Within months, Manet emulated the Velazquezian composition and color palette for The Tragic Actor (1866, National Gallery of Art, Washington; see fig. 2). His subject was the painter-turned-actor Philibert Rouvière, who had gained acclaim on the French stage playing Shakespeare’s Hamlet. Manet evoked Pablo de Valladolid’s pose and gesture in three additional paintings: The Fifer (1866, Musée d’Orsay, Paris), the Portrait of Faure as Hamlet (1877, Folkwang Museum, Essen), and a Self-Portrait (1878, Bridgestone Museum, Tokyo).1 Art historian Stella Adler argues convincingly that the lessons Manet learned from the “counsel of Velázquez” stemmed from what he construed as the Spaniard’s modernité. Specifically, Velázquez demonstrated how a figure displayed in isolation could yield dramatic characterization, drawing the spectator into a triangular conversation with both artist and subject (Adler 92–94). Manet’s grasp of this manifestation of Spanish modernity contrasts with the many writers and travelers of his day who traveled to Spain seeking characters and settings that conjured premodern simplicity or an exoticism associated with southern Europe. This was, after all, an era marked by the abiding success of Prosper Mérimée’s Carmen (1845).

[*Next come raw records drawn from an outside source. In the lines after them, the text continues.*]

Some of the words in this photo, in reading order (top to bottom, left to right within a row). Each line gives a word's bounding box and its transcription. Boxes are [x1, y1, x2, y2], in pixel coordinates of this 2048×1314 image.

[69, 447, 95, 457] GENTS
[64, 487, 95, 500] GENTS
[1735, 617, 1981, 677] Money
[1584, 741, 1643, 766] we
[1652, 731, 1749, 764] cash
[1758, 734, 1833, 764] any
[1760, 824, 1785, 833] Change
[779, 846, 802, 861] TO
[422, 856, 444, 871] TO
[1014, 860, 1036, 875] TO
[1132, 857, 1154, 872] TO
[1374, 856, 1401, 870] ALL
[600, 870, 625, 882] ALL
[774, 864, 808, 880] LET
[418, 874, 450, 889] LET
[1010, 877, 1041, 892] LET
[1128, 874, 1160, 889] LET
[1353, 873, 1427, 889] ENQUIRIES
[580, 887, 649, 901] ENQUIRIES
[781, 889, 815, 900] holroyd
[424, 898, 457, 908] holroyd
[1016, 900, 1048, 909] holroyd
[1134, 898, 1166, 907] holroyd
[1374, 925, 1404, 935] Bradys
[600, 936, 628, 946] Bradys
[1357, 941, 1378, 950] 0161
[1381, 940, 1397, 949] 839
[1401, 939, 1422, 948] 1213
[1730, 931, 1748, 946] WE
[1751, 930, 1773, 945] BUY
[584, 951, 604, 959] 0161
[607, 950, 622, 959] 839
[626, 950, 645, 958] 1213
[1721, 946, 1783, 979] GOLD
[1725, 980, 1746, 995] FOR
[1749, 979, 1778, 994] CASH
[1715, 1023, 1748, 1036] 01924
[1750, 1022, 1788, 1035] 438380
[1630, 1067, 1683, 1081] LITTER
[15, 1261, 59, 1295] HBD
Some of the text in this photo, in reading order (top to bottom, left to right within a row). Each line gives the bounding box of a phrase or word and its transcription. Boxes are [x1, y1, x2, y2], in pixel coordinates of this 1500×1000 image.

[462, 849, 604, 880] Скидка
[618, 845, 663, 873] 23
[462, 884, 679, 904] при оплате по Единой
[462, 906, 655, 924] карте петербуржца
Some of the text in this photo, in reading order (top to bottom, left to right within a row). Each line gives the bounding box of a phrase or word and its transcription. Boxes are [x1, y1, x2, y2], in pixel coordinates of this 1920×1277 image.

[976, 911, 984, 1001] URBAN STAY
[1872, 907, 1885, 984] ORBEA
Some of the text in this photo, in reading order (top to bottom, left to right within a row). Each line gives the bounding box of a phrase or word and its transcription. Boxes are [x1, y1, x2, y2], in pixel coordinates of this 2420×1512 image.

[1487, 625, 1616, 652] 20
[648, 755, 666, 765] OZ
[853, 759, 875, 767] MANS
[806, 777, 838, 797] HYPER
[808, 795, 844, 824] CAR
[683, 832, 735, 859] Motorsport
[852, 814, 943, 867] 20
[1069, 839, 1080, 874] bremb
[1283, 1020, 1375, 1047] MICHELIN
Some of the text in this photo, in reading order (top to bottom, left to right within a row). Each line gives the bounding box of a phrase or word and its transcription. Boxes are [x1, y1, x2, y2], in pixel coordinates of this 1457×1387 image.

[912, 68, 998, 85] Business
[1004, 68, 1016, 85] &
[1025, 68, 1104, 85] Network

Does it matter that the actor whose portrait so enchanted Manet was not, in point of fact, a professional of the theater? We know now that Pablo de Valladolid served the Habsburgs in the capacity of court jester (bufón or truhán). The scarce documents related to his life suggest that poverty may have brought him to court in childhood. For almost four decades, that combination of precarity and privilege peculiar to ancien-regime courts kept [End Page 5] him there.2 Velázquez painted Pablo de Valladolid along with five other men from the ranks of gente de placer to adorn a stairway leading to the queen’s quarter of the Buen Retiro palace (Marías 147). Together, the portraits formed a column of mock sentries to guard and entertain the Habsburg women.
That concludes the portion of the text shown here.